--- START ---
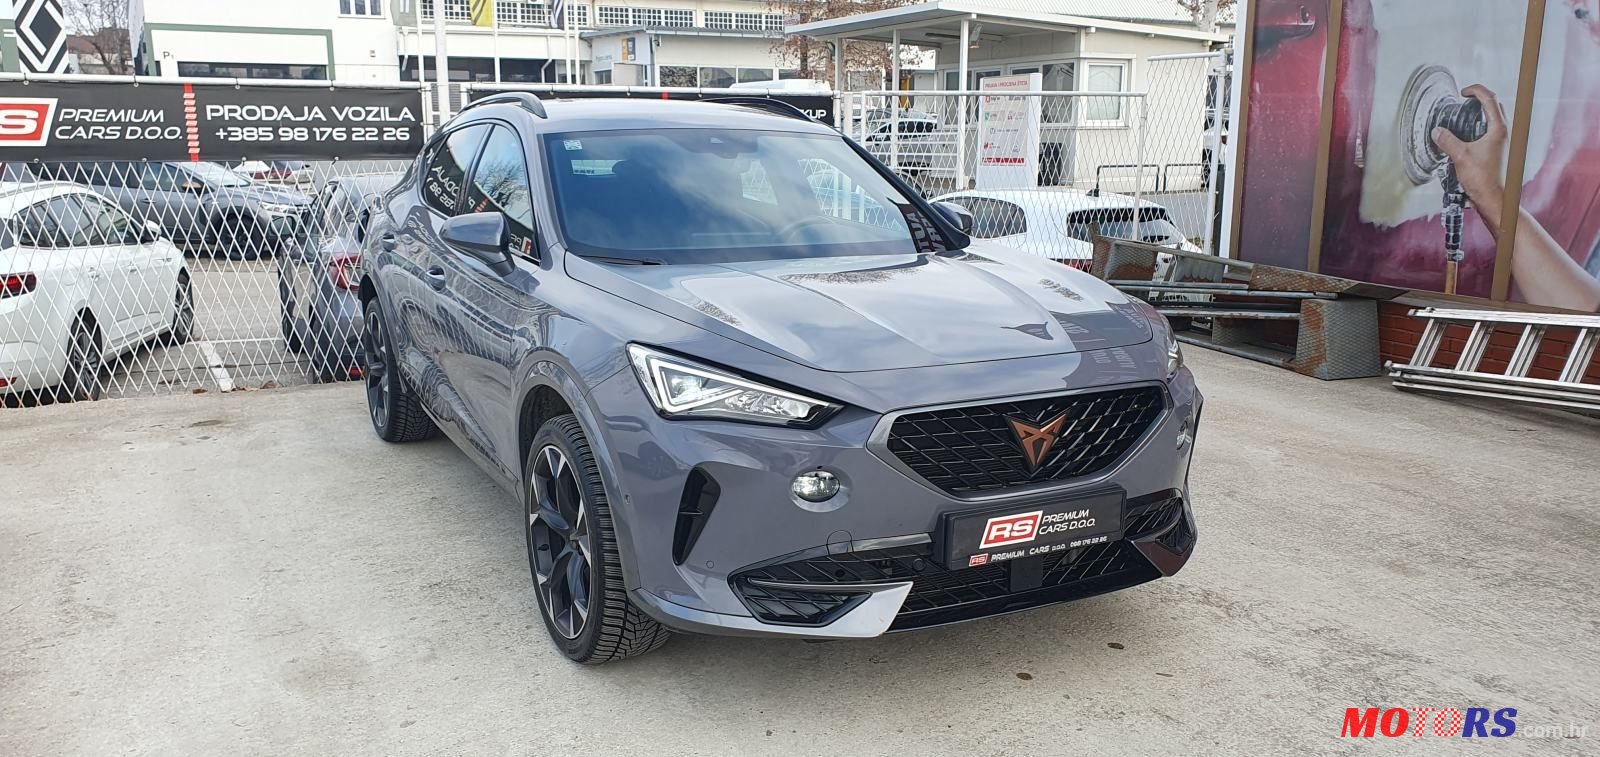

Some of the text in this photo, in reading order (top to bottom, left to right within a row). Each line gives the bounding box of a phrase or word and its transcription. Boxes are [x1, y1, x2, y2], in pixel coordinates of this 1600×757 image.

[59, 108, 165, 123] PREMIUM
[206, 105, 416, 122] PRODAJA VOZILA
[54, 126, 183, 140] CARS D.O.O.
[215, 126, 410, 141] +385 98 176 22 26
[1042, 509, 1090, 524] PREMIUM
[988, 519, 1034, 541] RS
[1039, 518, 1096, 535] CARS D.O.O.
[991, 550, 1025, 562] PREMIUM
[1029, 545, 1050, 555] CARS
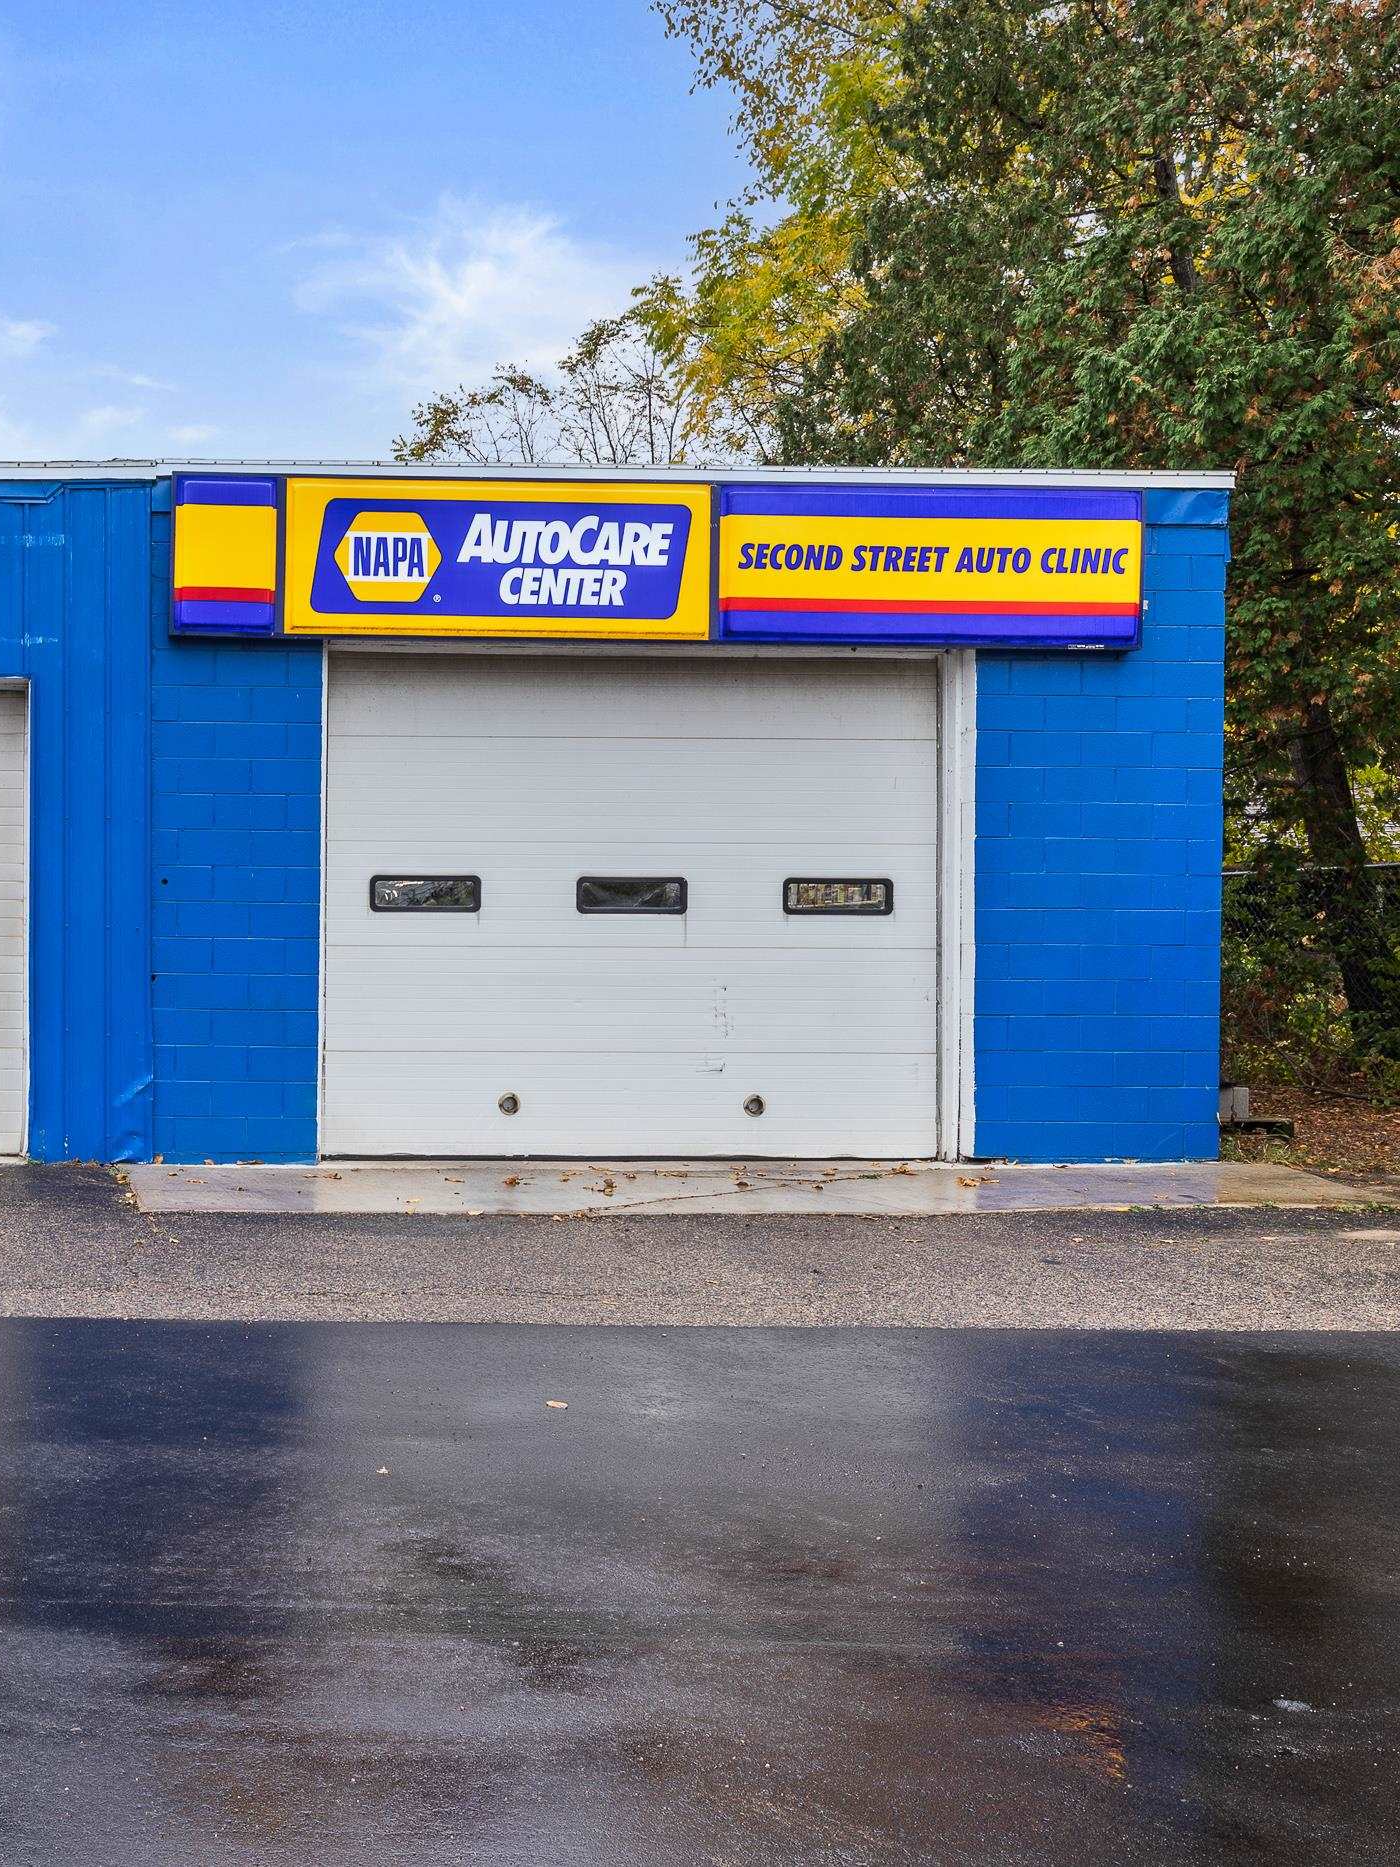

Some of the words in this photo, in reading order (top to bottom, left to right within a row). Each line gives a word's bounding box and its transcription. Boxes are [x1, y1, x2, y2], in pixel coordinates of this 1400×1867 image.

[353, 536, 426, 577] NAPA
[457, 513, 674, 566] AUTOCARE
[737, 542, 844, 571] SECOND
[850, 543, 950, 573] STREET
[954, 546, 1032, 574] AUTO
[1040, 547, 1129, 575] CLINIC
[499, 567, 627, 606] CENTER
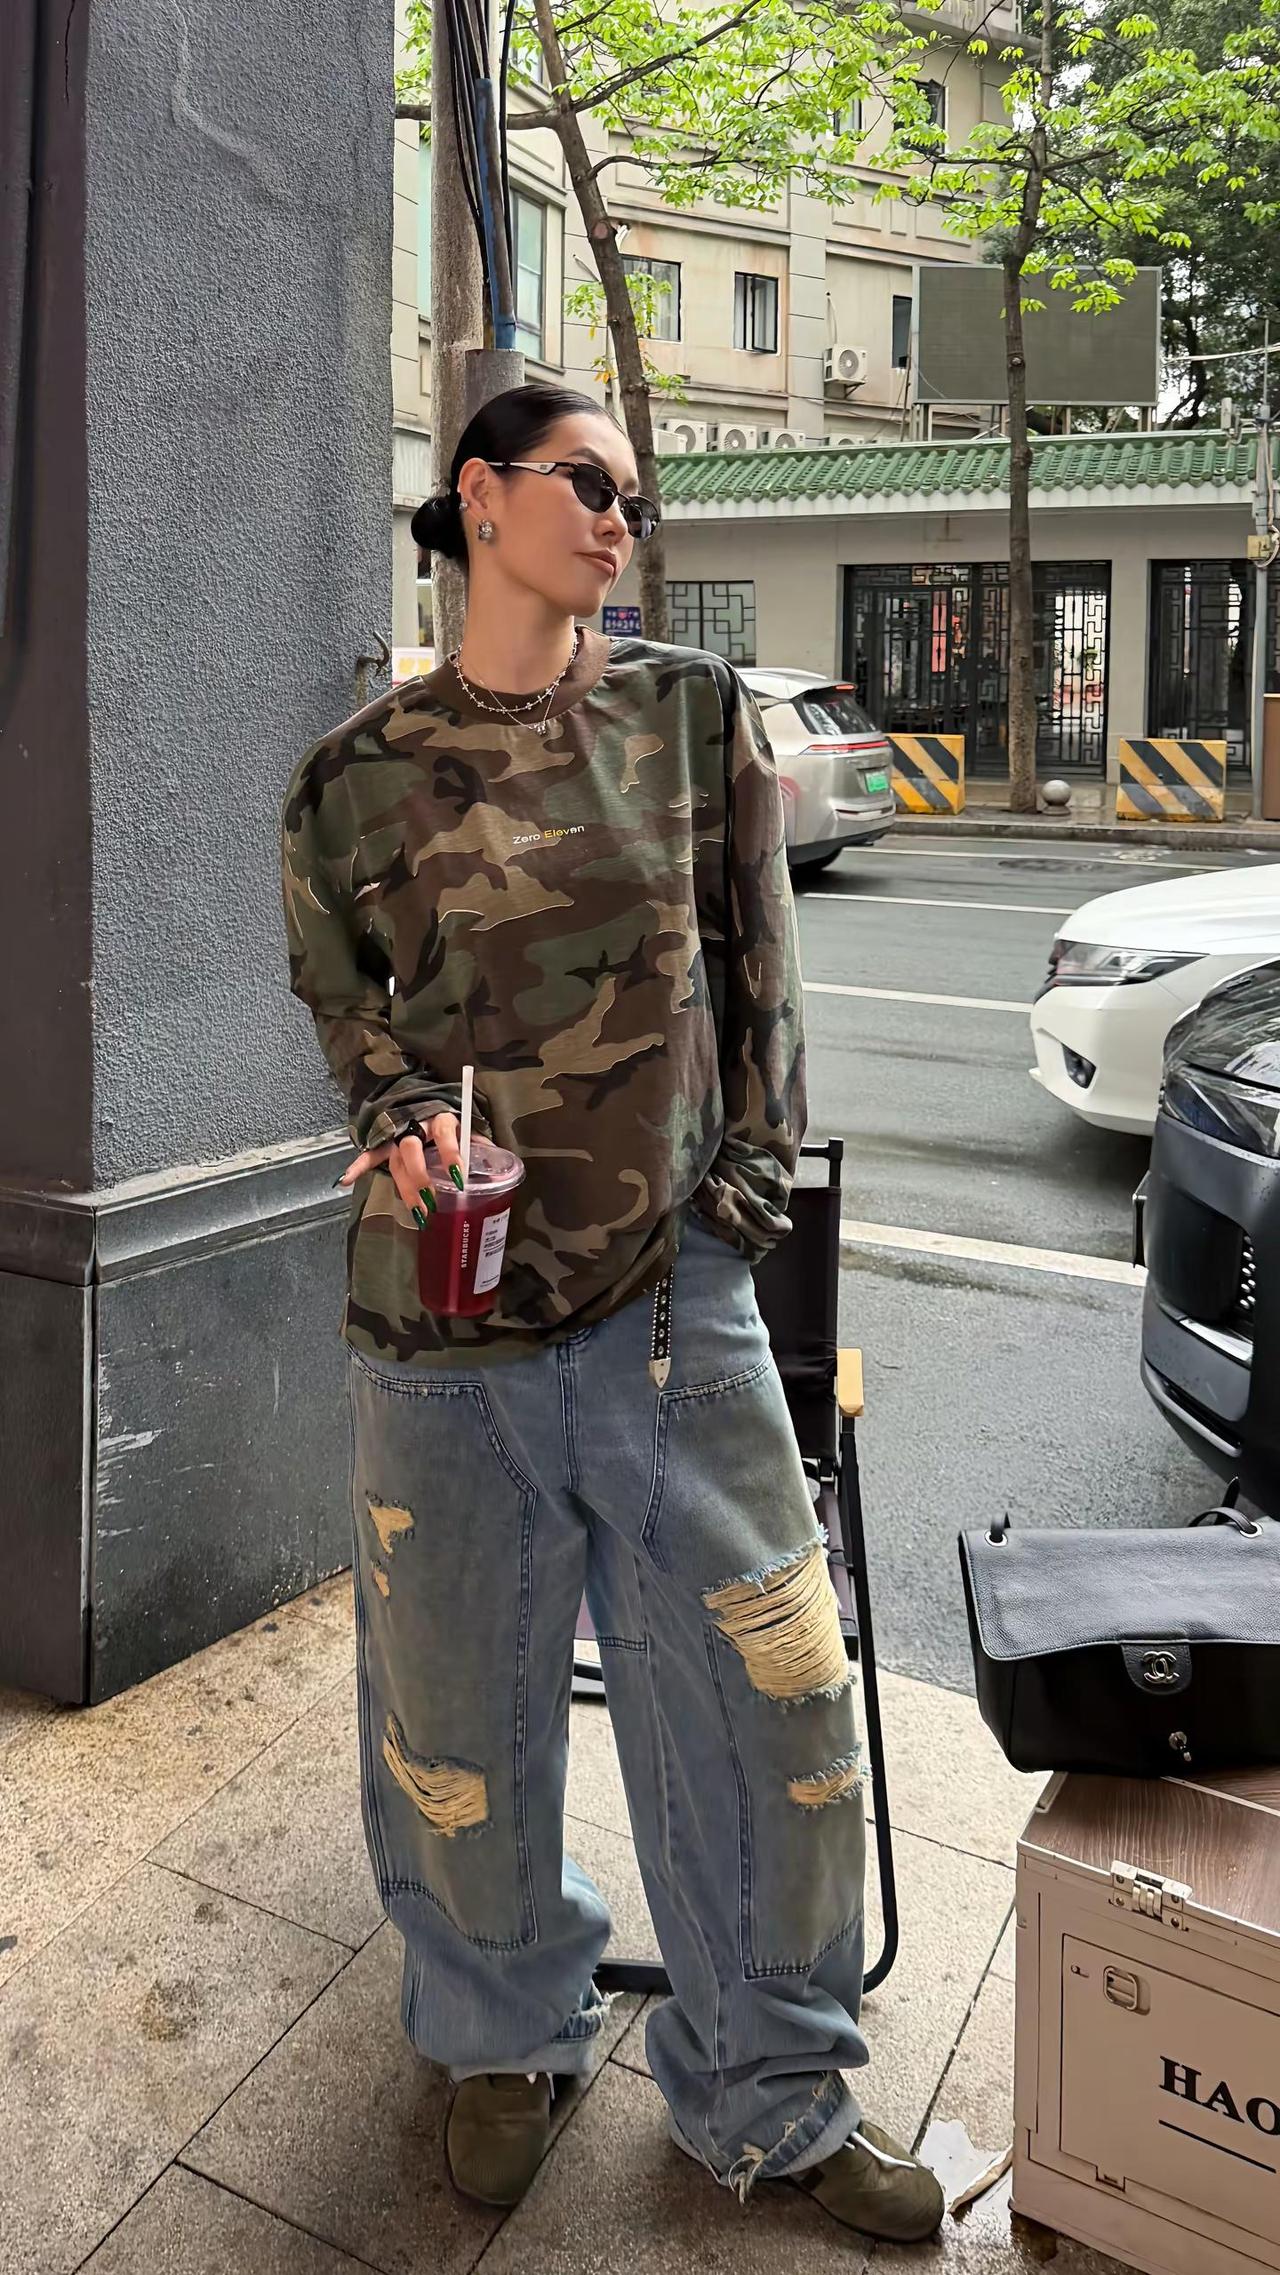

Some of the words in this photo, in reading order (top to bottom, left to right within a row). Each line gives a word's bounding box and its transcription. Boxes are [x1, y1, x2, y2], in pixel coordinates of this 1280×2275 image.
--- END ---
> REQUIREMENT
Copy out every line above, word for word, minus images.

> EXPECTED ANSWER
Some of the text in this photo, in reading order (top to bottom, left to right within a row). Each line gives the bounding box of a phrase or word and its transcription. Boxes are [x1, y1, x2, y2], in pixel coordinates of this 1600×757 image.

[59, 108, 165, 123] PREMIUM
[206, 105, 416, 122] PRODAJA VOZILA
[54, 126, 183, 140] CARS D.O.O.
[215, 126, 410, 141] +385 98 176 22 26
[1042, 509, 1090, 524] PREMIUM
[988, 519, 1034, 541] RS
[1039, 518, 1096, 535] CARS D.O.O.
[991, 550, 1025, 562] PREMIUM
[1029, 545, 1050, 555] CARS

Some of the words in this photo, in reading order (top to bottom, left to right within a row). Each line gives a word's bounding box and its transcription. Boxes are [x1, y1, x2, y2], in pixel coordinates of this 1400×1867 image.

[353, 536, 426, 577] NAPA
[457, 513, 674, 566] AUTOCARE
[737, 542, 844, 571] SECOND
[850, 543, 950, 573] STREET
[954, 546, 1032, 574] AUTO
[1040, 547, 1129, 575] CLINIC
[499, 567, 627, 606] CENTER

Some of the words in this photo, in reading order (top to bottom, left to right within a row). Each line gives a word's bounding box and its transcription. Boxes are [x1, y1, x2, y2], in pixel coordinates of this 1280×2275 image.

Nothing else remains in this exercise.